PROBLEM REQUIREMENTS → Reproduce every line below exactly as written; do not include the images.

[Extracted data entries]

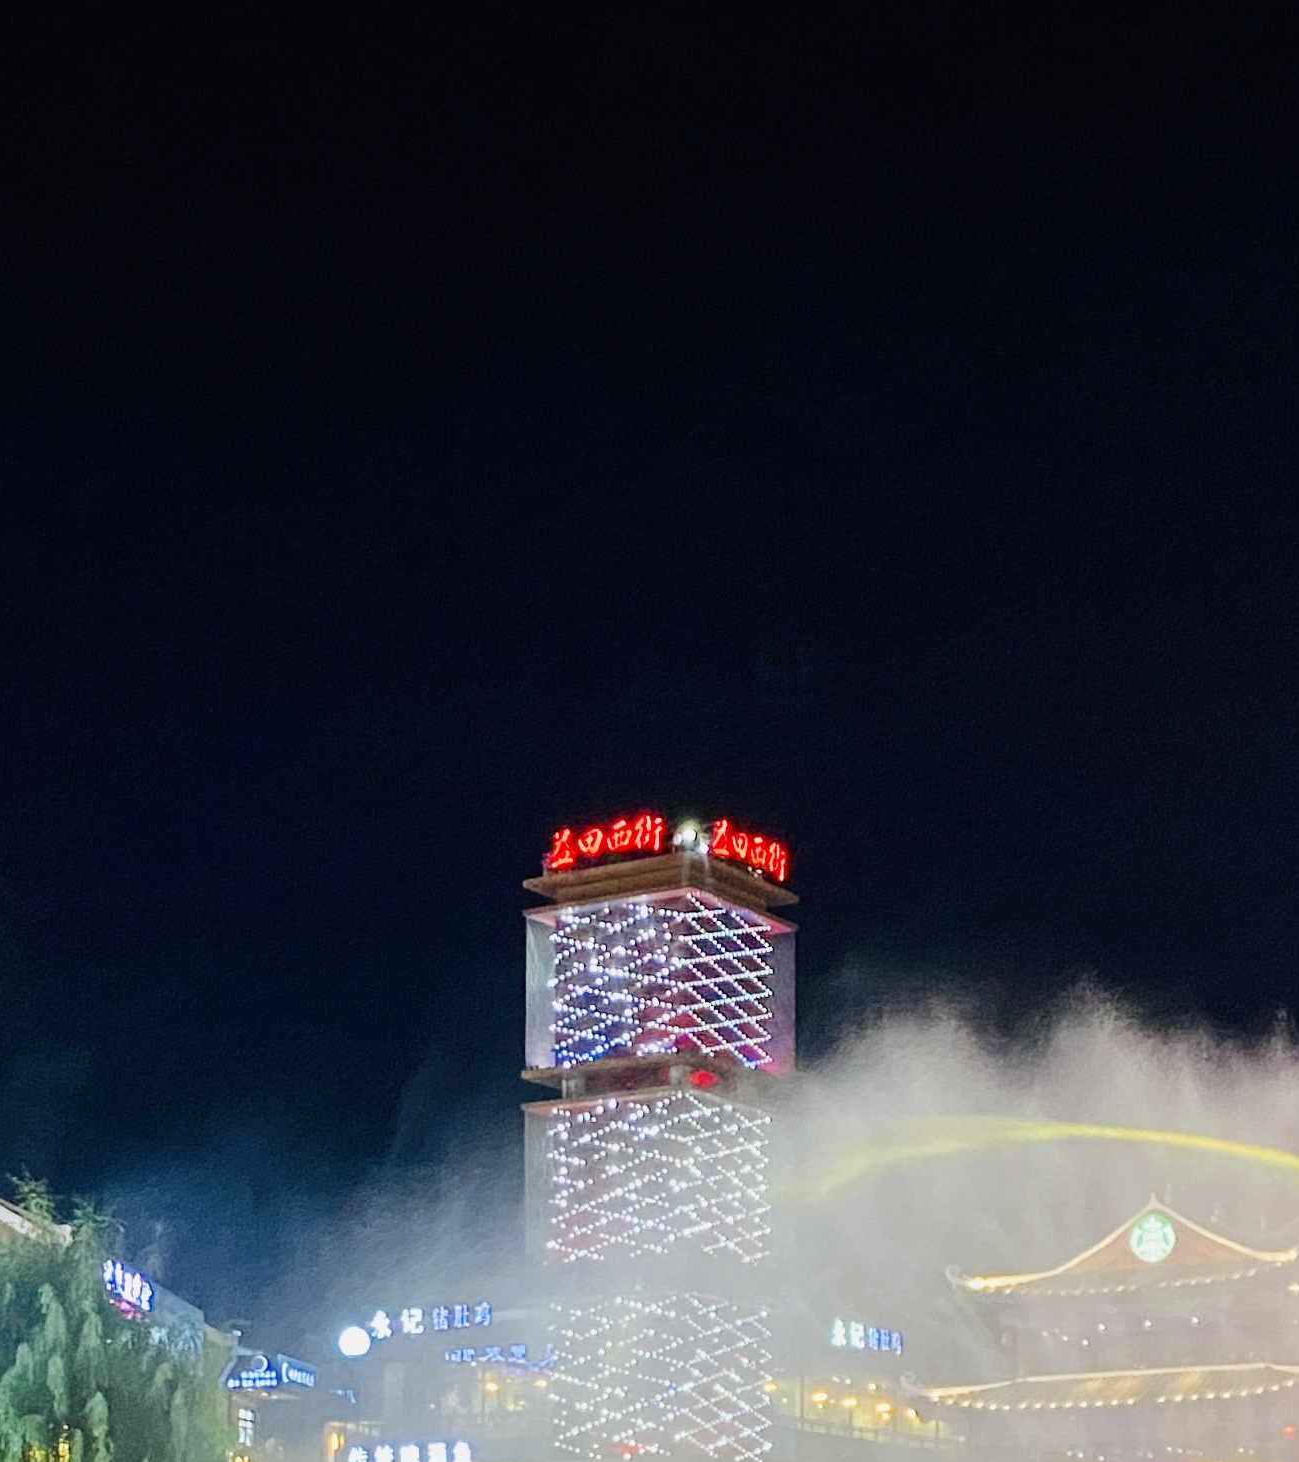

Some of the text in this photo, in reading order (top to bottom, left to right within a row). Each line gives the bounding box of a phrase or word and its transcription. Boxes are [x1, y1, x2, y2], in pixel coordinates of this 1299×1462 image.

[551, 815, 664, 868] 益田西街
[712, 819, 786, 882] 益田西街
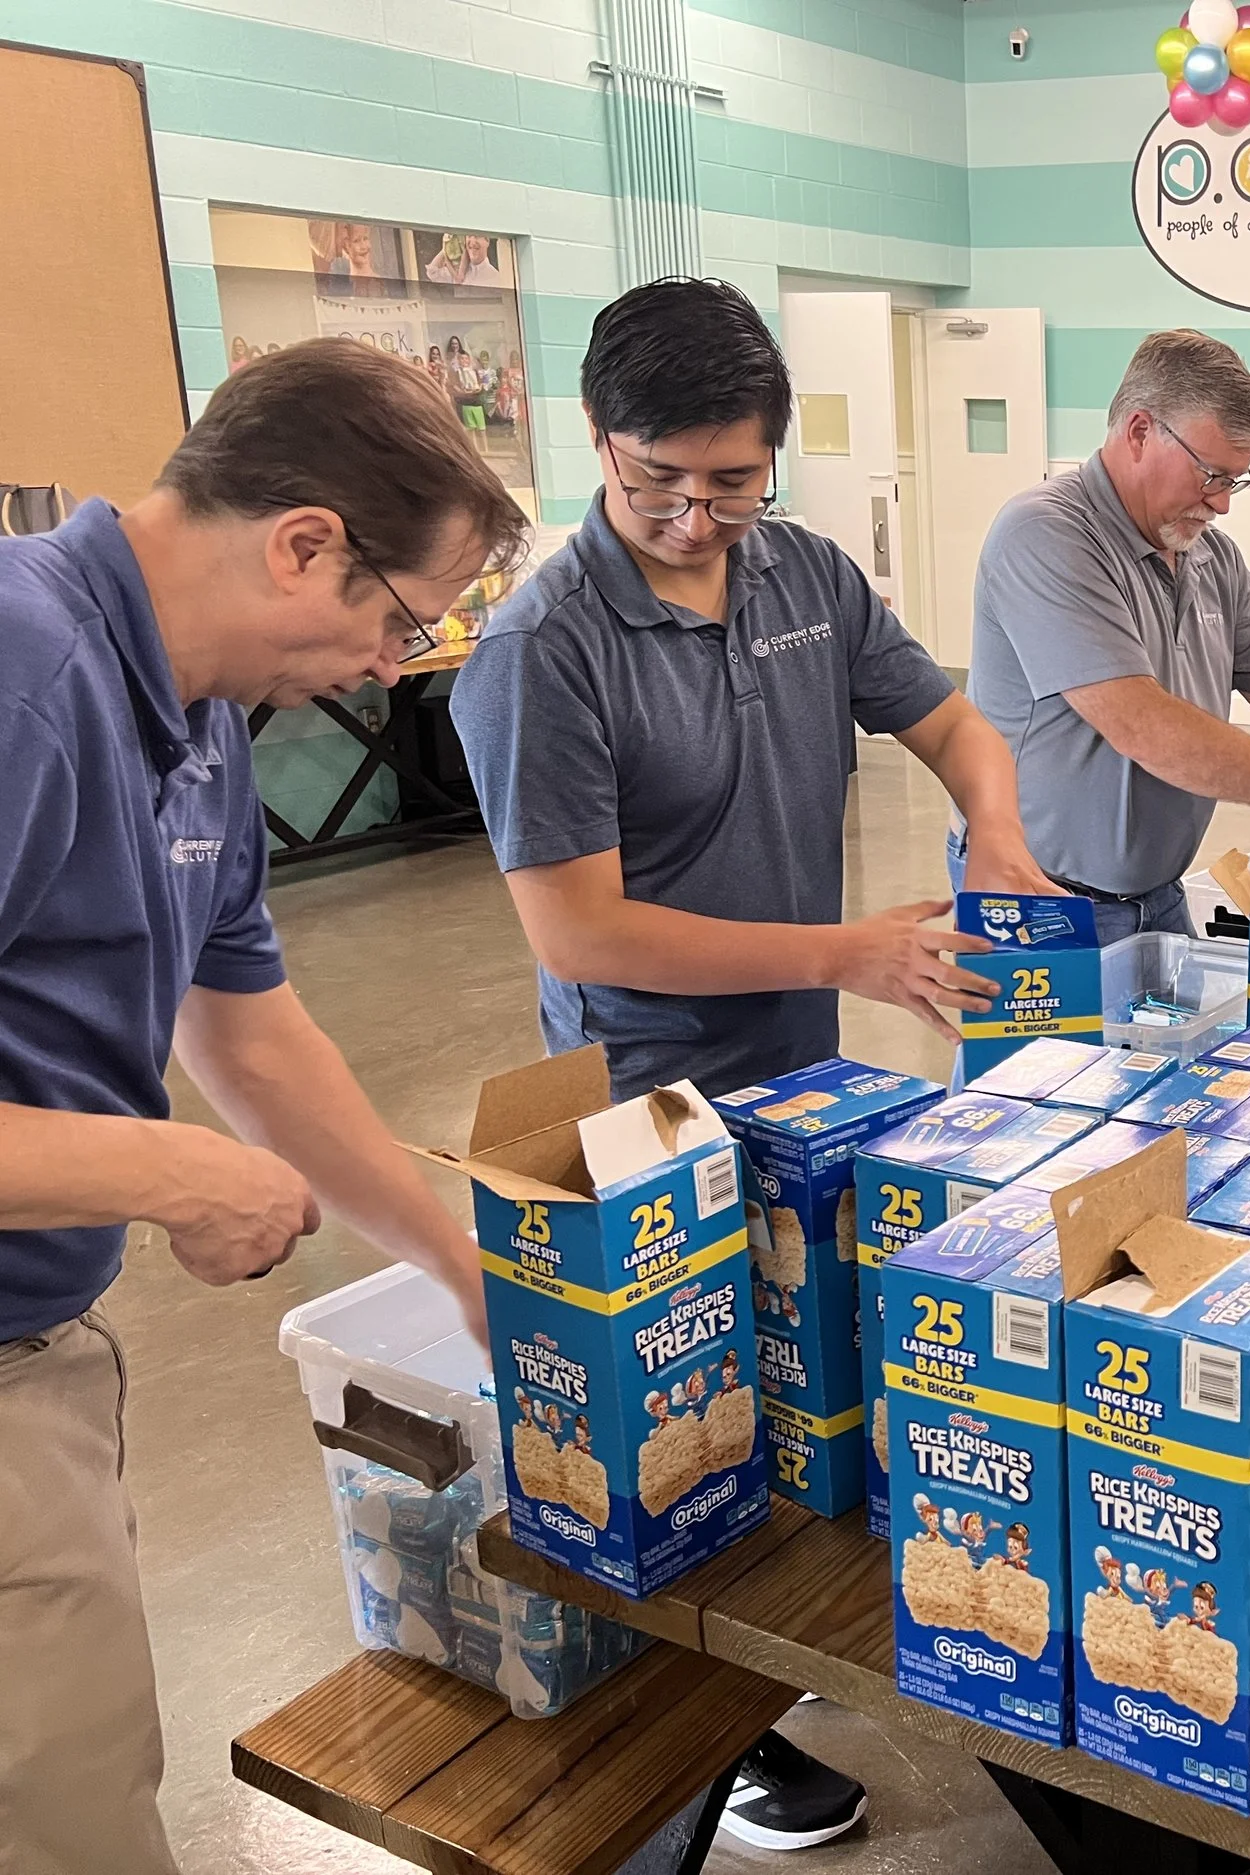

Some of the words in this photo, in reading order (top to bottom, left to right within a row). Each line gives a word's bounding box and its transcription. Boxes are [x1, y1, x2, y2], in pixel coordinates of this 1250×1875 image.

[1166, 215, 1214, 241] people
[1223, 212, 1239, 239] of
[770, 628, 808, 645] CURRENT
[809, 621, 831, 635] EDGE
[1012, 968, 1051, 999] 25
[1004, 999, 1038, 1010] LARGE
[1038, 998, 1061, 1008] SIZE
[1014, 1008, 1052, 1022] BARS
[1023, 1023, 1061, 1033] BIGGER
[515, 1200, 551, 1244] 25
[630, 1193, 677, 1250] 25
[880, 1184, 923, 1228] 25
[871, 1220, 908, 1240] LARGE
[510, 1235, 541, 1257] LARGE
[541, 1245, 562, 1265] SIZE
[520, 1253, 556, 1278] BARS
[623, 1243, 661, 1271] LARGE
[661, 1228, 688, 1252] SIZE
[636, 1248, 679, 1282] BARS
[530, 1277, 565, 1298] BIGGER
[648, 1264, 690, 1294] BIGGER
[634, 1317, 671, 1351] RICE
[669, 1283, 736, 1326] KRISPIES
[912, 1295, 964, 1346] 25
[639, 1302, 736, 1374] TREATS
[754, 1334, 804, 1371] TREA
[902, 1336, 946, 1362] LARGE
[946, 1347, 977, 1368] SIZE
[511, 1338, 536, 1361] RICE
[534, 1343, 588, 1383] KRISPIES
[780, 1366, 807, 1388] RICE
[915, 1355, 965, 1384] BARS
[1096, 1340, 1150, 1396] 25
[514, 1354, 588, 1405] TREATS
[927, 1378, 976, 1404] BIGGER
[1085, 1382, 1131, 1410] LARGE
[1131, 1398, 1164, 1419] SIZE
[773, 1417, 806, 1443] BARS
[948, 1412, 991, 1436] Kellogg's
[1098, 1401, 1151, 1434] BARS
[767, 1428, 787, 1446] SIZE
[786, 1437, 815, 1459] LARGE
[908, 1422, 948, 1449] RICE
[949, 1430, 1034, 1474] KRISPIES
[1110, 1430, 1162, 1457] BIGGER
[776, 1446, 810, 1490] 25
[911, 1443, 1030, 1502] TREATS
[1132, 1464, 1176, 1489] Kellogg's
[674, 1483, 735, 1527] Original
[1090, 1472, 1131, 1500] RICE
[1133, 1480, 1222, 1531] KRISPIES
[541, 1508, 594, 1543] Original
[1094, 1493, 1219, 1562] TREATS
[938, 1641, 1012, 1677] Original
[1119, 1700, 1196, 1741] Original

EXPECTED ANSWER →
Some of the text in this photo, in reading order (top to bottom, left to right within a row). Each line gives the bounding box of a phrase or word and its transcription. Boxes are [x1, y1, x2, y2], in pixel coordinates of this 1299×1462 image.

[551, 815, 664, 868] 益田西街
[712, 819, 786, 882] 益田西街

Some of the words in this photo, in reading order (top to bottom, left to right within a row). Each line gives a word's bounding box and its transcription. Boxes are [x1, y1, x2, y2], in pixel coordinates of this 1250×1875 image.

[1166, 215, 1214, 241] people
[1223, 212, 1239, 239] of
[770, 628, 808, 645] CURRENT
[809, 621, 831, 635] EDGE
[1012, 968, 1051, 999] 25
[1004, 999, 1038, 1010] LARGE
[1038, 998, 1061, 1008] SIZE
[1014, 1008, 1052, 1022] BARS
[1023, 1023, 1061, 1033] BIGGER
[515, 1200, 551, 1244] 25
[630, 1193, 677, 1250] 25
[880, 1184, 923, 1228] 25
[871, 1220, 908, 1240] LARGE
[510, 1235, 541, 1257] LARGE
[541, 1245, 562, 1265] SIZE
[520, 1253, 556, 1278] BARS
[623, 1243, 661, 1271] LARGE
[661, 1228, 688, 1252] SIZE
[636, 1248, 679, 1282] BARS
[530, 1277, 565, 1298] BIGGER
[648, 1264, 690, 1294] BIGGER
[634, 1317, 671, 1351] RICE
[669, 1283, 736, 1326] KRISPIES
[912, 1295, 964, 1346] 25
[639, 1302, 736, 1374] TREATS
[754, 1334, 804, 1371] TREA
[902, 1336, 946, 1362] LARGE
[946, 1347, 977, 1368] SIZE
[511, 1338, 536, 1361] RICE
[534, 1343, 588, 1383] KRISPIES
[780, 1366, 807, 1388] RICE
[915, 1355, 965, 1384] BARS
[1096, 1340, 1150, 1396] 25
[514, 1354, 588, 1405] TREATS
[927, 1378, 976, 1404] BIGGER
[1085, 1382, 1131, 1410] LARGE
[1131, 1398, 1164, 1419] SIZE
[773, 1417, 806, 1443] BARS
[948, 1412, 991, 1436] Kellogg's
[1098, 1401, 1151, 1434] BARS
[767, 1428, 787, 1446] SIZE
[786, 1437, 815, 1459] LARGE
[908, 1422, 948, 1449] RICE
[949, 1430, 1034, 1474] KRISPIES
[1110, 1430, 1162, 1457] BIGGER
[776, 1446, 810, 1490] 25
[911, 1443, 1030, 1502] TREATS
[1132, 1464, 1176, 1489] Kellogg's
[674, 1483, 735, 1527] Original
[1090, 1472, 1131, 1500] RICE
[1133, 1480, 1222, 1531] KRISPIES
[541, 1508, 594, 1543] Original
[1094, 1493, 1219, 1562] TREATS
[938, 1641, 1012, 1677] Original
[1119, 1700, 1196, 1741] Original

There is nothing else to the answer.